Up Close and Personal: A chat with Begoña Echeverria, singer-songwriter of “Bonbarazi Du Gernika”

Begoña Echeverria, author (The Hammer of Witches), playwright (“Picasso Presents Gernika”), and singer-songwriter, has released a song and music video named “Bonbarazi Du Gernika” in honor of the 85th anniversary of the bombing of Gernika on this day, April 26th.



WHY WE LOVE THIS

The song is poignant and important, and the video is beautiful. Not only that, but her perspective below has given us an even deeper, richer appreciation for this performance. You’re not fluent in Basque? No problem –  Begoña provides English translation towards the end of the video.

OUR CHAT WITH BEGOñA

BEO: Begoña, thank you for taking the time to delve a bit more into your work. We know the video was beautifully choreographed and performed by the Basque dance group “Kimua,” and that you wrote and performed the song in this video. In my opinion, the lyrics are straightforward, yet enormously complicated. We’d love to unpack some of your thoughts on this.

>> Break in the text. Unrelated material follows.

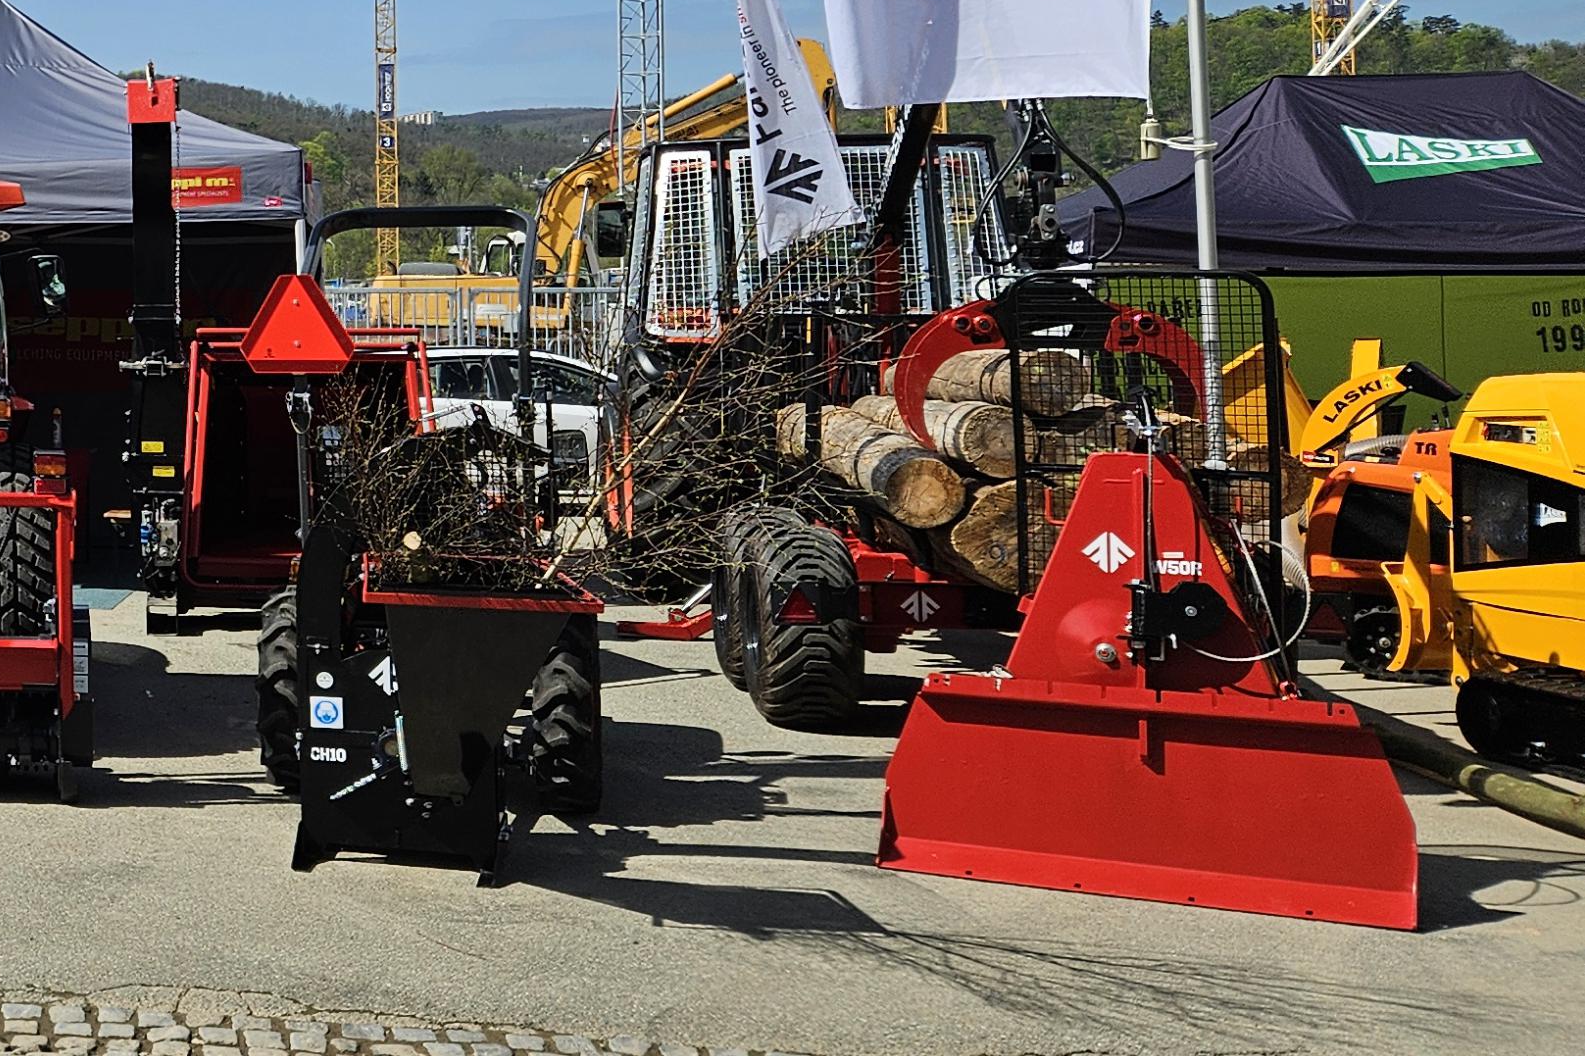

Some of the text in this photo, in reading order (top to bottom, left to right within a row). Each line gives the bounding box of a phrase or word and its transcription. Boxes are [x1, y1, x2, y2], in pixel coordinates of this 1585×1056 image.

Begoña: Thank you so much for your kind words about the video, and for this opportunity!

BEO: You’ve described this song as an “exploration of the evacuation of Basque children to England,” and with that, the song is written through the lens of a widowed mother after the bombing. There are so many different perspectives to take from any horrific event; what inspired this one?

Begoña: When I lived in Donostia in the early ’90s, I had a British neighbor whose father was evacuated to England after the bombing, along with his brother. Eventually, their mother called for the brother to return to Spain, but not my neighbor’s father. And he never learned why she made that decision. That was the jumping-off point for the song. I tried to imagine what it would be like for a widow to make that wrenching decision: does she keep her children with her, having just lost her own husband? Or does she send them away, hoping that they will be safer elsewhere?

BEO: After the widowed mother sent her children to England, the children were returned to the Basque Country because of the outbreak of World War II and England’s involvement in that war. Can you talk a bit more about this?

Begoña: I learned about this from Dorothy Legarreta’s The Guernica Generation and www.basquechildren.org

About twenty thousand children were sent away to countries like Great Britain, sympathetic to the democratically-elected Spanish government Francisco Franco eventually overthrew. Once World War II began, there was pressure to send the refugee children back to Spain from England, as they had their own children to worry about. However, there were Britons who argued it would be cruel to send children back to a dictatorship, so they continued to support the Basque refugee children.

BEO: At the end of your song the widow asks for her son back, but not her daughter begging the question, “Will you have a better life?” This is a complicated and perplexing decision. What leads the mother to make the painful decision to request her daughter to not only stay away from home, but in a country that was at war?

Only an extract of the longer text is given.